## EXERCISE GOAL
Leave out the pictures and copy every record exactly.
________________
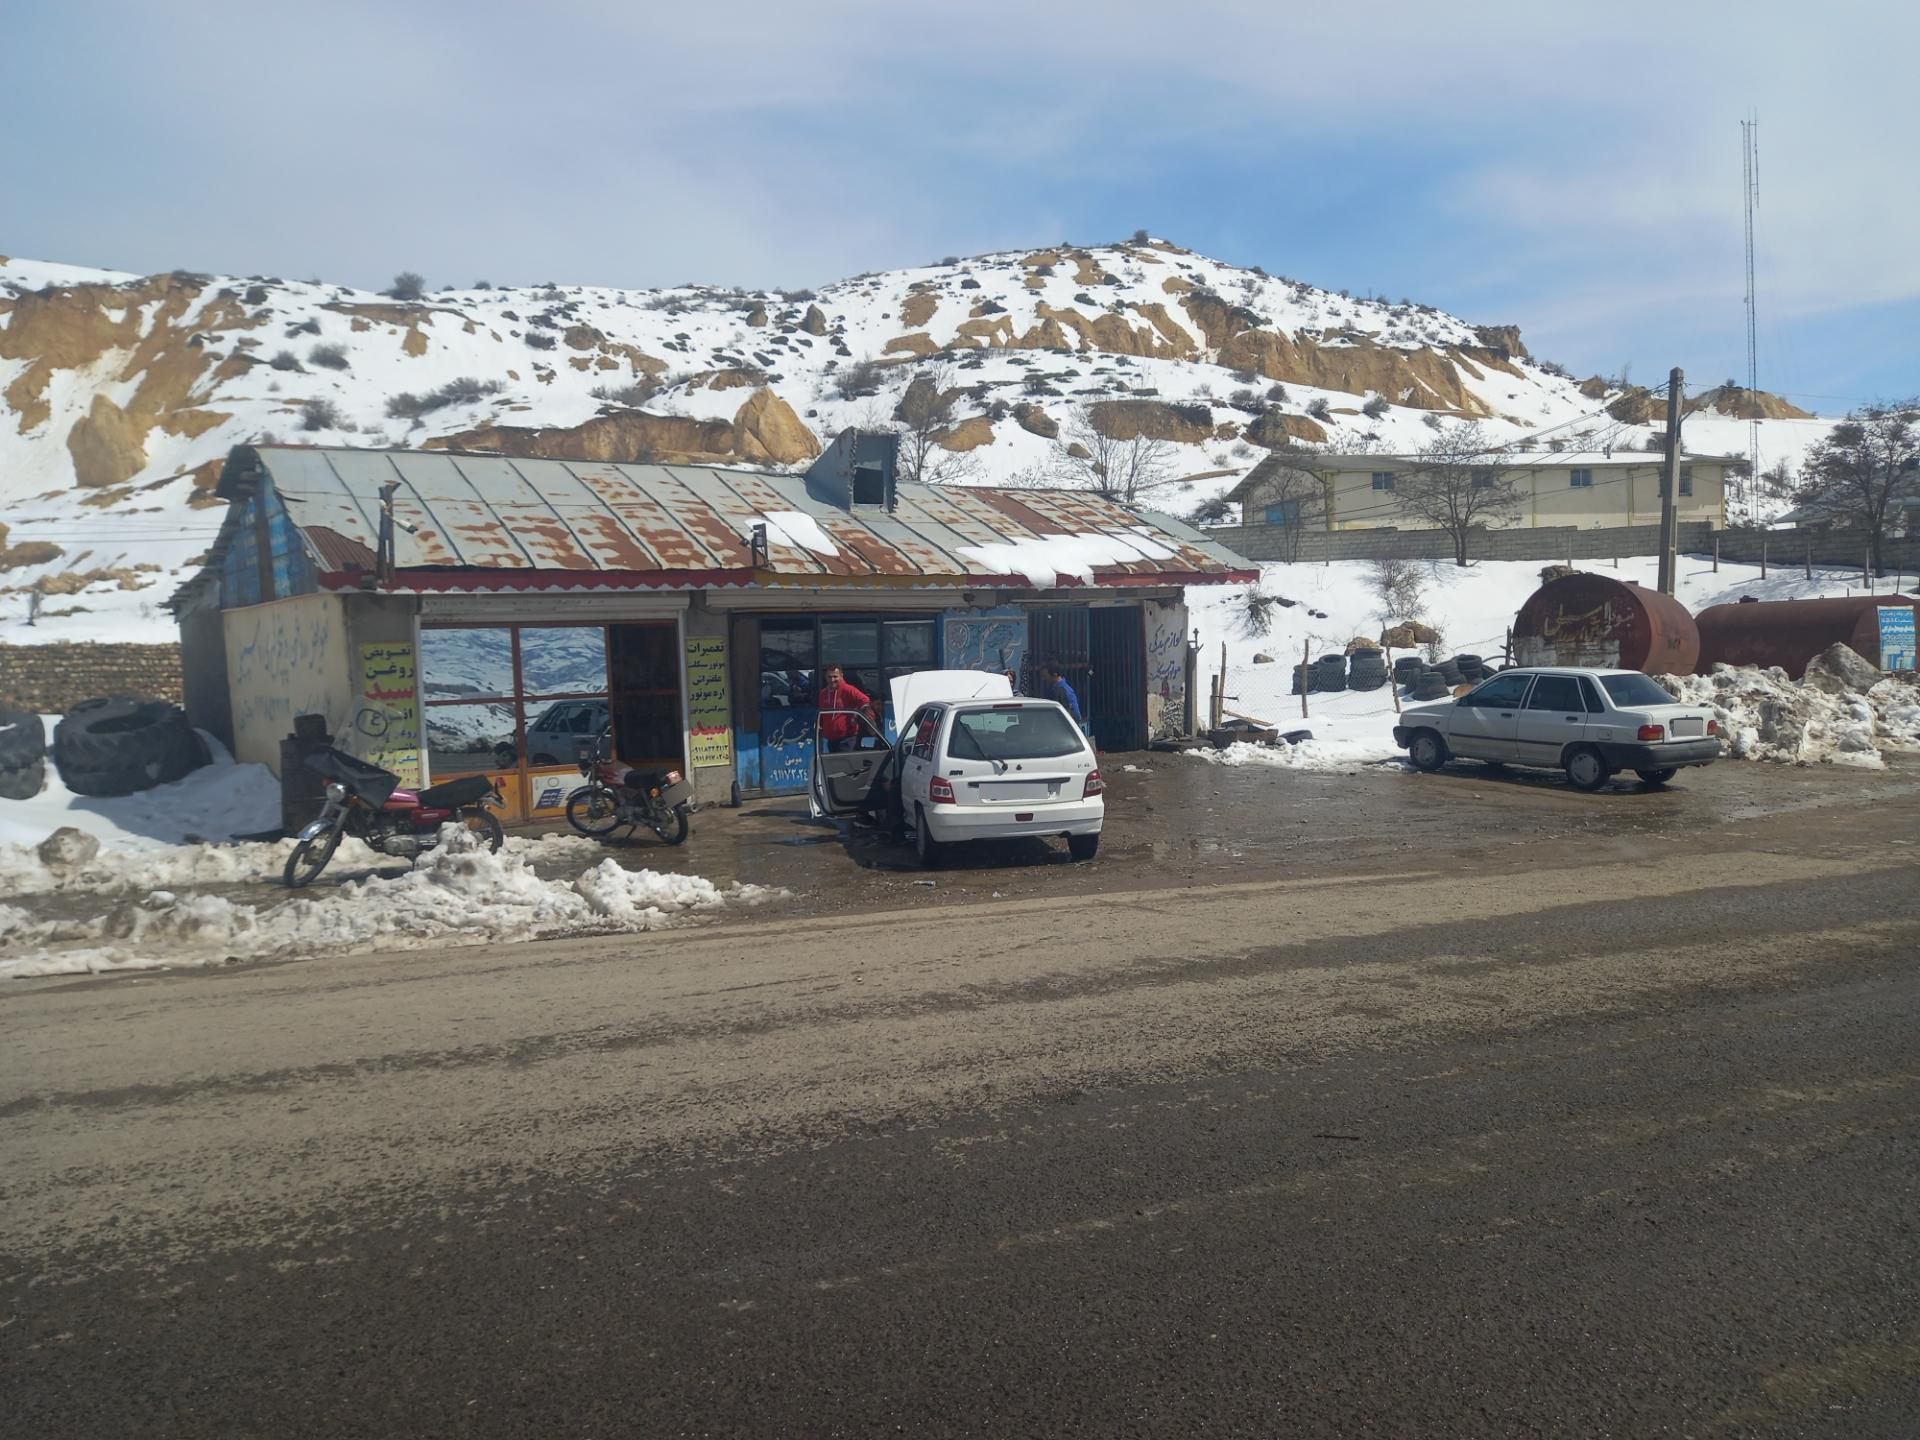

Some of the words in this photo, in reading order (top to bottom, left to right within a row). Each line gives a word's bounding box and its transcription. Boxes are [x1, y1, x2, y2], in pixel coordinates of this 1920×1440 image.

[687, 642, 724, 656] تعمیرات
[1163, 629, 1184, 653] لوازم
[364, 645, 411, 660] تعویض
[366, 662, 414, 679] روغن
[767, 717, 814, 751] پنچرگیری
________________
## EXERCISE OUTPUT
Some of the words in this photo, in reading order (top to bottom, left to right within a row). Each line gives a word's bounding box and its transcription. Boxes are [x1, y1, x2, y2], in pixel coordinates of this 1920×1440 image.

[687, 642, 724, 656] تعمیرات
[1163, 629, 1184, 653] لوازم
[364, 645, 411, 660] تعویض
[366, 662, 414, 679] روغن
[767, 717, 814, 751] پنچرگیری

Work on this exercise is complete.